The boycott of the Sydney Festival and surrounding furore represent a turning point in the public relations battle over Israel and Palestine. Critics’ resort to falsehoods and character assassination reflects desperation and absence of defensible arguments.

Among such lame responses to the boycott federal Arts Minister Paul Fletcher, writing in The Australian on January 20, makes unfounded allegations and sidesteps the central issue.

Fletcher suggests that the activists and 40 artists who have withdrawn from the festival sought “political censorship” of the festival’s “programming and curatorial choices”. This is either a deliberate falsehood or an obtuse misreading of the explicit source of concern. It was not the performance of the Israeli choreographer’s Decadance which was the concern but rather the funding from the Israeli government sought by the festival.

Fletcher suggests “The [boycott] collective’s views about Israel are, to put it politely, difficult to reconcile with reality.” In particular, he says Israel is not an “apartheid state.” These assertions about “reality” may be contrasted with the judgment of the late Archbishop Desmond Tutu. In 2014 he wrote an article for the Israeli newspaper Haaretz calling for a global boycott of Israel in view of the “profoundly unjust status quo.” And Tutu reminded us “Nelson Mandela famously said that South Africans would not feel free until Palestinians were free.”

Indeed, last year the Israeli government was charged with the crime of apartheid by Israel’s own distinguished human rights organisation B’Tselem and also by the pre-eminent Human Rights Watch (HRW) which describes Israel as “a regime of Jewish supremacy.” The charge of apartheid is not based on comparisons with South Africa since it has been independently defined as a crime against humanity punishable under the Rome Statute of the International Criminal Court.

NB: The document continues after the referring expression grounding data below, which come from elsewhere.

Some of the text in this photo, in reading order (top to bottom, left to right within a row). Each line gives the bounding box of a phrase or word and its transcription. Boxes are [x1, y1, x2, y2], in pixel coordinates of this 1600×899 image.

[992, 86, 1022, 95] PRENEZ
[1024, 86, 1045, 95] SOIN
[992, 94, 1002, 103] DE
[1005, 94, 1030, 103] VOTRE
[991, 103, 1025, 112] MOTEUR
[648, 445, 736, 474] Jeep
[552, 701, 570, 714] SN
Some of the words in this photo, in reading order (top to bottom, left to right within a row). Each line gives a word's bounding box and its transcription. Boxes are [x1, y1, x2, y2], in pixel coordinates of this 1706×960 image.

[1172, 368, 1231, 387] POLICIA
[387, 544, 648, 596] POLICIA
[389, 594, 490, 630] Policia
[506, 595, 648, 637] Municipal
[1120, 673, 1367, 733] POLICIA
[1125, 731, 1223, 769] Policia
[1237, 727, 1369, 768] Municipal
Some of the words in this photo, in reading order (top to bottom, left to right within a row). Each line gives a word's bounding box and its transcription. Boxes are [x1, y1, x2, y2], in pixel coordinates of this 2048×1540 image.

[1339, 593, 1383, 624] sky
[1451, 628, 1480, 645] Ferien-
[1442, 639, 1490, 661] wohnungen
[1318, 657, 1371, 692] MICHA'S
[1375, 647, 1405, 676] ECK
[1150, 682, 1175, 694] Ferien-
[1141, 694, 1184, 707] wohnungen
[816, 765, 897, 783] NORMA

Further realities are set out by the Australian Centre for International Justice which asserts “Israel’s subjugation of the Palestinian people has increased and become even more entrenched.” The centre explains, “Inherent in its settler-colonial and apartheid regime, Israel continues to implement and conduct systematic and widespread human rights violations, which amount to the commission of war crimes and crimes against humanity.”

Around 700,000 settlers in the West Bank are all illegal according to international law while agencies such as Defence of Children International (DCI) report around 2,000 Palestinian children have been shot dead in the West Bank since 1967. Over 50,000 Palestinian houses have been demolished and Palestinians are regularly evicted from their homes as most recently in Sheikh Jarrah. A million olive trees have been destroyed and Amnesty International reports that water is stolen for Israeli settlements. Palestinians endure daily humiliation at hundreds of checkpoints as part of the oppressive “matrix of control” condemned by Israeli human rights organisations ICAHD and B’Tselem.

The crushing blockade of the Gaza Strip is a war crime described by UN and the international Committee of the Red Cross (ICRC) as collective punishment under “belligerent occupation” making Gaza unliveable for its 2 million inhabitants since the water is toxic and electricity, access to medical treatment and other necessities are severely restricted. The UN’s humanitarian body reports devastating, disproportionate military assaults on Gaza have caused over 5,000 civilian deaths since 2008, followed recently with over 200 unarmed protesters shot dead by Israeli snipers. OCHA reported more than 6000 people suffered wounds from live ammunition and Amnesty International notes a UN report which “paints a damning picture of Israeli forces who deliberately shot at children, health workers, journalists and people with disabilities, demonstrating a cruel and ruthless disregard for international humanitarian law.”

In this context, the claim of Sydney Festival to being “non-political” is morally indefensible because it is just as political to seek and accept a criminal government’s sponsorship as to cancel it. Indeed, the former deputy director-general at the Israeli Foreign Affairs Ministry said in 2005: “We regard culture as a hasbara [propaganda] tool of the highest order, and I do not differentiate between hasbara and culture.” By deciding not to cancel the Israeli sponsorship the Sydney Festival is making a political choice to look away from the realities.

The boycott of Sydney Festival suggests it may be the kind of turning point famously seen in the 1984 boycott of Dunnes Store in Dublin by Irish workers. One young woman at the supermarket checkout refused to handle a South African grapefruit. She was suspended and the other union members walked out in protest. The strikers were condemned by the Dublin Archbishop and they were labelled communists. However, the strike was maintained for three years and eventually the Irish government introduced sanctions against South African produce.

When Nelson Mandela visited Ireland he honoured the workers for their part in the struggle against apartheid. When he died, they were invited to his funeral in South Africa. Such grassroots political protest is relevant and inspiring today. In view of their sacrifice, rather than absurd abuse as “useful idiots” of Hamas, the artists and workers who have withdrawn from the Sydney Festival deserve respect and praise for their principled moral stance.